Therapeutic Device Attaches Directly to Damaged Heart
Tony Pallone | June 11, 2018A new device for heart attack patients is designed to mitigate the cardiac events that can lead from a damaged heart to heart failure — by attaching directly to the heart tissue itself.
Heart attacks are caused by a blockage of blood flow into the heart muscle, which leads to damage and scar tissue. In response to scarring, the heart will remodel to compensate — a process that can often end in ventricular or valve failure. To address this danger, drug therapies can be targeted at the heart. But two of the systems most commonly used for delivering such therapies are either inefficient or invasive.
In one method, drugs are delivered systemically rather than being administered directly to the site of the damage. As a result, the volume used has to be limited to avoid toxic side effects, and often only a small amount actually reaches the damaged heart tissue. The alternative method involves multiple invasive surgeries to directly inject therapies into the heart muscle.
By contrast, the new device, called Therepi, administers localized, non-invasive therapies as many times as needed. It enables delivery of therapy doses from a port under a patient's skin. The port is connected to a refill line that feeds into a reservoir attached to damaged heart tissue. It can accept injections either by the patient or a healthcare professional. Moreover, the reservoir for the device can be implanted in just one surgical procedure.
The material from which the reservoir is constructed is key to the viability of the device. “We needed it to act like a sponge, so it could retain the therapy exactly where you need it," said William Whyte, a Ph.D. candidate at Trinity College Dublin and co-first author of a study detailing the device’s function. "That is difficult to accomplish since the heart is constantly squeezing and moving," he added.
The sponge-like quality was achieved by using a gelatin-based polymer with a half-spherical shape. It attaches to the damaged tissue with a flat bottom that consists of a semi-permeable membrane that can be adjusted to allow for the desired quantity of drugs to pass directly into the heart.

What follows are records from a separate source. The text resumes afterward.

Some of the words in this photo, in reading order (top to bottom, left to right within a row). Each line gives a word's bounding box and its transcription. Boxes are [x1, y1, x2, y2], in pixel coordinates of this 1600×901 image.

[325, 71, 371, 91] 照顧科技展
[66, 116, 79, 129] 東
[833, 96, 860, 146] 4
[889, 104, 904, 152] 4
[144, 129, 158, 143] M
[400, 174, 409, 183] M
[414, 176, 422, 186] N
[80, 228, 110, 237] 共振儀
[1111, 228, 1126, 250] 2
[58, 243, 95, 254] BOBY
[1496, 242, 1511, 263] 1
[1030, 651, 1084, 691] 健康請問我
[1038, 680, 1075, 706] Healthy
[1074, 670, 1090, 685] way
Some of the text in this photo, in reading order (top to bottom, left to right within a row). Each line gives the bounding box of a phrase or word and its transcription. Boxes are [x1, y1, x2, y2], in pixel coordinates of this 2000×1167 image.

In addition, the reservoir provides a unique opportunity as a cell factory for stem cell therapies. Those cells can be kept within the reservoir, where they will produce paracrine factors to promote healing.

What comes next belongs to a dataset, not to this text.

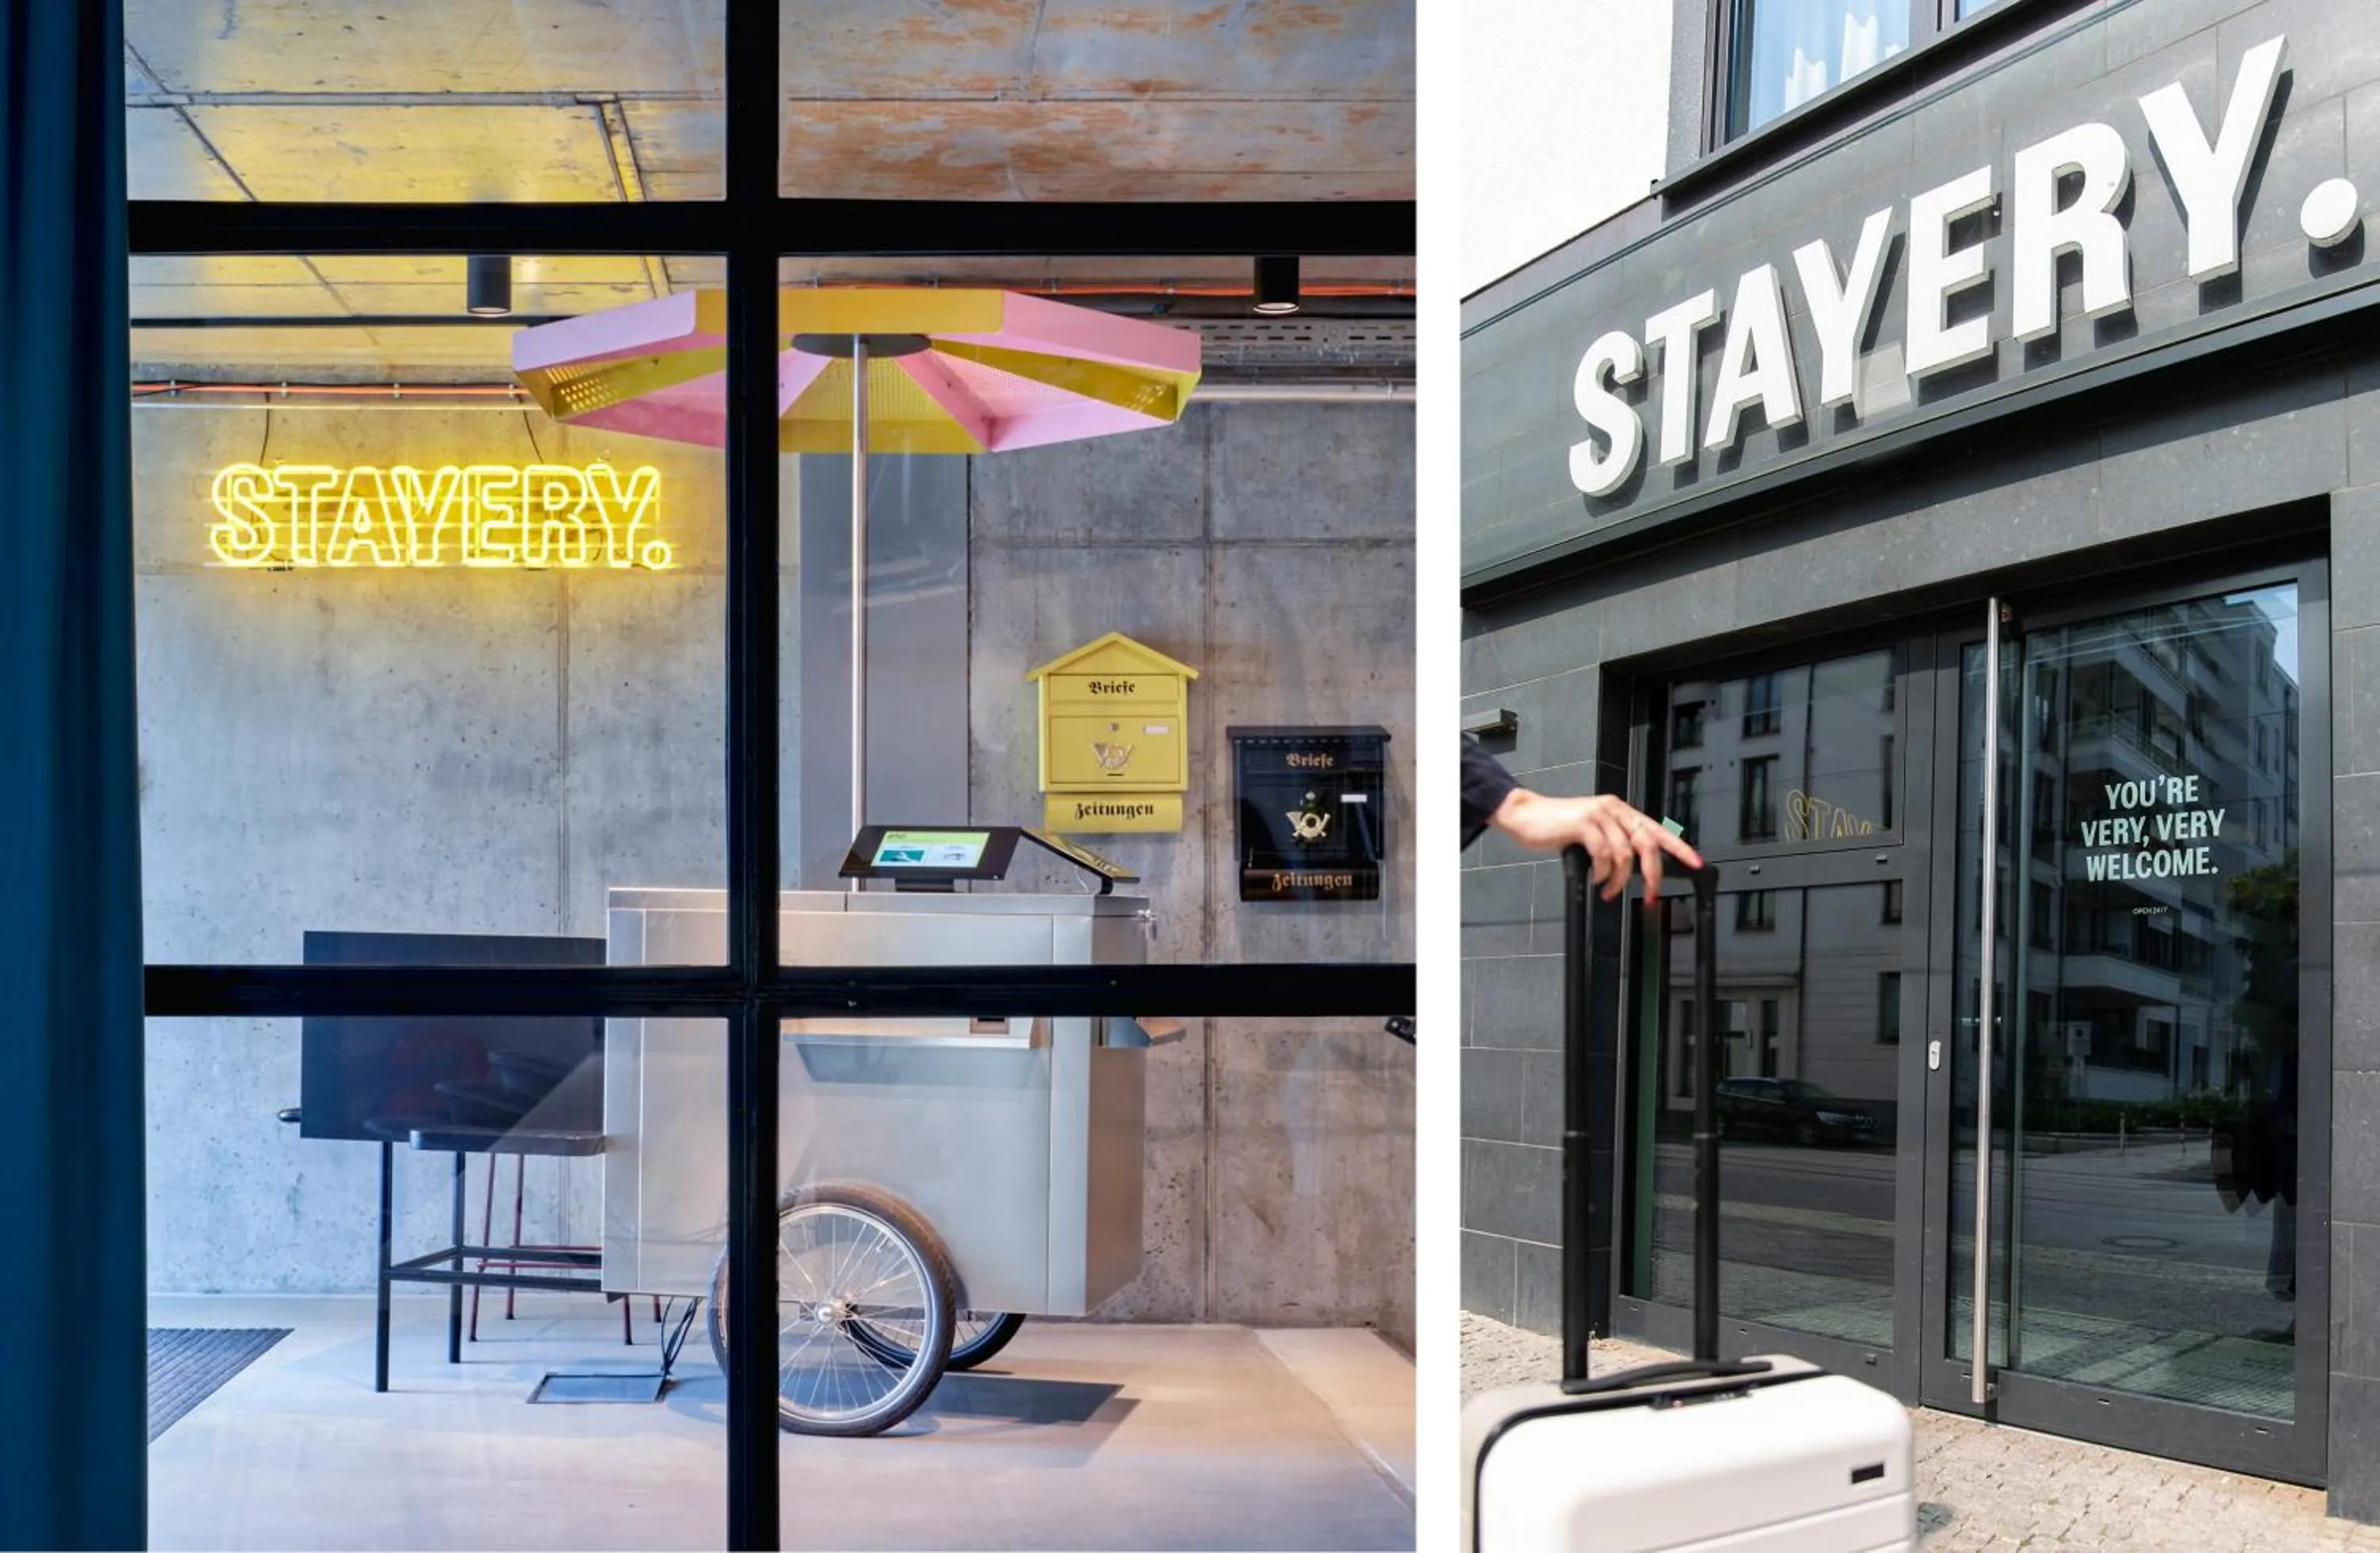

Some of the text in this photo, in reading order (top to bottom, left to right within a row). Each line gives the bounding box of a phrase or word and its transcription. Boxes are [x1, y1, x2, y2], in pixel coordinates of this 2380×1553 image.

The capabilities of the device go beyond treating heart disease. It can also be used as a tool to identify the exact dosage appropriate for a host of conditions. "We are hoping to use the device itself as a research tool to learn more about the optimal drug loading regime," explained co-first author Ellen Roche, an assistant professor at MIT’s mechanical engineering department and Institute for Medical Engineering and Science.
"The device is really a platform that can be tailored to different organ systems and different conditions," added Claudia Varela, a Ph.D. student in the Harvard-MIT Division of Health Sciences and Technology. "It's just a great example of how intersectional research looking at both devices and biological therapies can help us come up with new ways to treat disease.”
The study on the device appears in the journal Nature Biomedical Engineering.